No one knew anything and that’s pretty much how the case stayed. It was known that Siegel’s associates led by Meyer Lansky weren’t happy with their last piece of business with him, and there was talk that a secret meeting had taken place in Cuba where it was decided that Siegel had to go. That seemed the most likely option, especially given that several of these former partners took over the Flamingo minutes after Siegel’s death, but nothing could be proven.
Then there was talk that maybe it was revenge for a brutal beating Siegel had given to an unnamed man, or possibly retribution from one of Hill’s brothers because of the notoriously volatile relationship between Hill and Siegel.

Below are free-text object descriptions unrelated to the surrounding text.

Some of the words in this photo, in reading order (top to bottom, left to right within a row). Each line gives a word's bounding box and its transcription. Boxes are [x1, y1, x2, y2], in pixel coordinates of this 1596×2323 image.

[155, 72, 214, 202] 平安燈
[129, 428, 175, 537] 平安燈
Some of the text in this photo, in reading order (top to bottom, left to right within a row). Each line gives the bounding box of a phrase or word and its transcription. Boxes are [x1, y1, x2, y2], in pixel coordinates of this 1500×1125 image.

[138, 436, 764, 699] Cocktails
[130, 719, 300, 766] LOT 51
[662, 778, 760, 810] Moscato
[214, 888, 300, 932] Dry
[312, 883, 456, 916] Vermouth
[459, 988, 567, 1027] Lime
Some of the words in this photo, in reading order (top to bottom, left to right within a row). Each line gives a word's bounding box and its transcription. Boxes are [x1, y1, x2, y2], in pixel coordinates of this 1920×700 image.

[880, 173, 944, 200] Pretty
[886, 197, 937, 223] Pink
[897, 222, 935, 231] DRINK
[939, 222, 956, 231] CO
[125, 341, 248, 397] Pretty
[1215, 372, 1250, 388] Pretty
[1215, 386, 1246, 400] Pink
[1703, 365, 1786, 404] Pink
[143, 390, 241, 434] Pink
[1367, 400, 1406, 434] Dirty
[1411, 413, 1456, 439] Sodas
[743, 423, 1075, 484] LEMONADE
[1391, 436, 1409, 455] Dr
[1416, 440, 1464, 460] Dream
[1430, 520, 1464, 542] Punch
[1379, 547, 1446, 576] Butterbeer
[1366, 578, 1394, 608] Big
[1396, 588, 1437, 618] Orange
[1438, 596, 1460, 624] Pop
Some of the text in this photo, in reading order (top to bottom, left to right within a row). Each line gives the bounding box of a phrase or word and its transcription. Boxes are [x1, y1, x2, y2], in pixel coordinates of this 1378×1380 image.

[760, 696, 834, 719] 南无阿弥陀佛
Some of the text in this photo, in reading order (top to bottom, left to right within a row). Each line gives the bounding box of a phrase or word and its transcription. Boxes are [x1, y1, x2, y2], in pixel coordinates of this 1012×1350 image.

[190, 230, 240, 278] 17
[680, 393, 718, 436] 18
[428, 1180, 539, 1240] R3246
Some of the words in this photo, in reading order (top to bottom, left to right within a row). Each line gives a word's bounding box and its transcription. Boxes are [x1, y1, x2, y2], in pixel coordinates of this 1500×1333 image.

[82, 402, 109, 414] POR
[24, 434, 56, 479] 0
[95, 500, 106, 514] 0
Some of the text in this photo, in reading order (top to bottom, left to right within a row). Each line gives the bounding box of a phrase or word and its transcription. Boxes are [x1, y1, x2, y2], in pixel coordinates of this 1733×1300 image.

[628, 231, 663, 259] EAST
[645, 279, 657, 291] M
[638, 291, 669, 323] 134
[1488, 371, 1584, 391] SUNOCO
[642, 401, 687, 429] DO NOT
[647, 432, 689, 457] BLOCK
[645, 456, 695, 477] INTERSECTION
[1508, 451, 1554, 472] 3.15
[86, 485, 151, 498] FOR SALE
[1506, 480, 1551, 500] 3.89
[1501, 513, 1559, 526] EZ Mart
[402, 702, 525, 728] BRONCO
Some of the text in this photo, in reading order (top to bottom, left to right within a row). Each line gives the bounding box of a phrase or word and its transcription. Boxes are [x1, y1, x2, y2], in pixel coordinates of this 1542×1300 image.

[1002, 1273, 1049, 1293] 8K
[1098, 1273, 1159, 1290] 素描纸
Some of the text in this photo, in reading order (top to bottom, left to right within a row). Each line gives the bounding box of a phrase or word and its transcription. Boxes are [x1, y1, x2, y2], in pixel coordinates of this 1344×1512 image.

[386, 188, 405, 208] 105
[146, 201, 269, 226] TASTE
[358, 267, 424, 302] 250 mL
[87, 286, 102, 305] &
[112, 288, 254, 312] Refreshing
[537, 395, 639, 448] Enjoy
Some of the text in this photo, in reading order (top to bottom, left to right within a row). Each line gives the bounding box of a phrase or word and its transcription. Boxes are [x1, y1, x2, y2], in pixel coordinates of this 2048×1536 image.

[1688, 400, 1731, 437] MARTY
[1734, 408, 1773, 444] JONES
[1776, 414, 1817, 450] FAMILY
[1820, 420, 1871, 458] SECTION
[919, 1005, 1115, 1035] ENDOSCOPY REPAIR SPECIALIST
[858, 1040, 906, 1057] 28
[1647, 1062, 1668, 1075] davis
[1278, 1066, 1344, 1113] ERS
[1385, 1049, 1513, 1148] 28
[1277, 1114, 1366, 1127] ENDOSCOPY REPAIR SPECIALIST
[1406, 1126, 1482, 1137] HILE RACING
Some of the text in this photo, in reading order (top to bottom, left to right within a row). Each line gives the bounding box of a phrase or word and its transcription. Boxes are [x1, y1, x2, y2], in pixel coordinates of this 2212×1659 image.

A break in the case seemed to come in 2014 when LA Magazine published a story in which the son of Moe Sedway, a longtime partner and friend of Siegel’s, revealed a family secret. He said his mother once told him that his father had been behind the killing.
As the story goes, Siegel had violently threatened Sedway’s life after becoming frustrated with Sedway’s role overseeing the financial affairs of the Flamingo at the behest of Lansky. “I’ll have Moe shot, chop his body up, and feed it to the Flamingo Hotel’s kitchen garbage disposal,” Siegel allegedly said during a meeting. When Sedway got word of the threat, he, his wife, and his wife’s lover, Moose Pandza, decided to go on the offensive. Panza carried out the killing at the request of Sedway and his wife.
It’s a compelling theory, but it lacks the conclusive proof needed to officially close the case. Regardless of whether it was Siegel’s best friend or his mob boss that was behind the killing, Siegel probably wouldn’t have been too surprised.
When the general contractor for the Flamingo confessed to being nervous about his job given the shady types involved in and hanging around the construction of the new hotel, Siegel quickly reassured him that he was safe. “We only kill each other,” he said.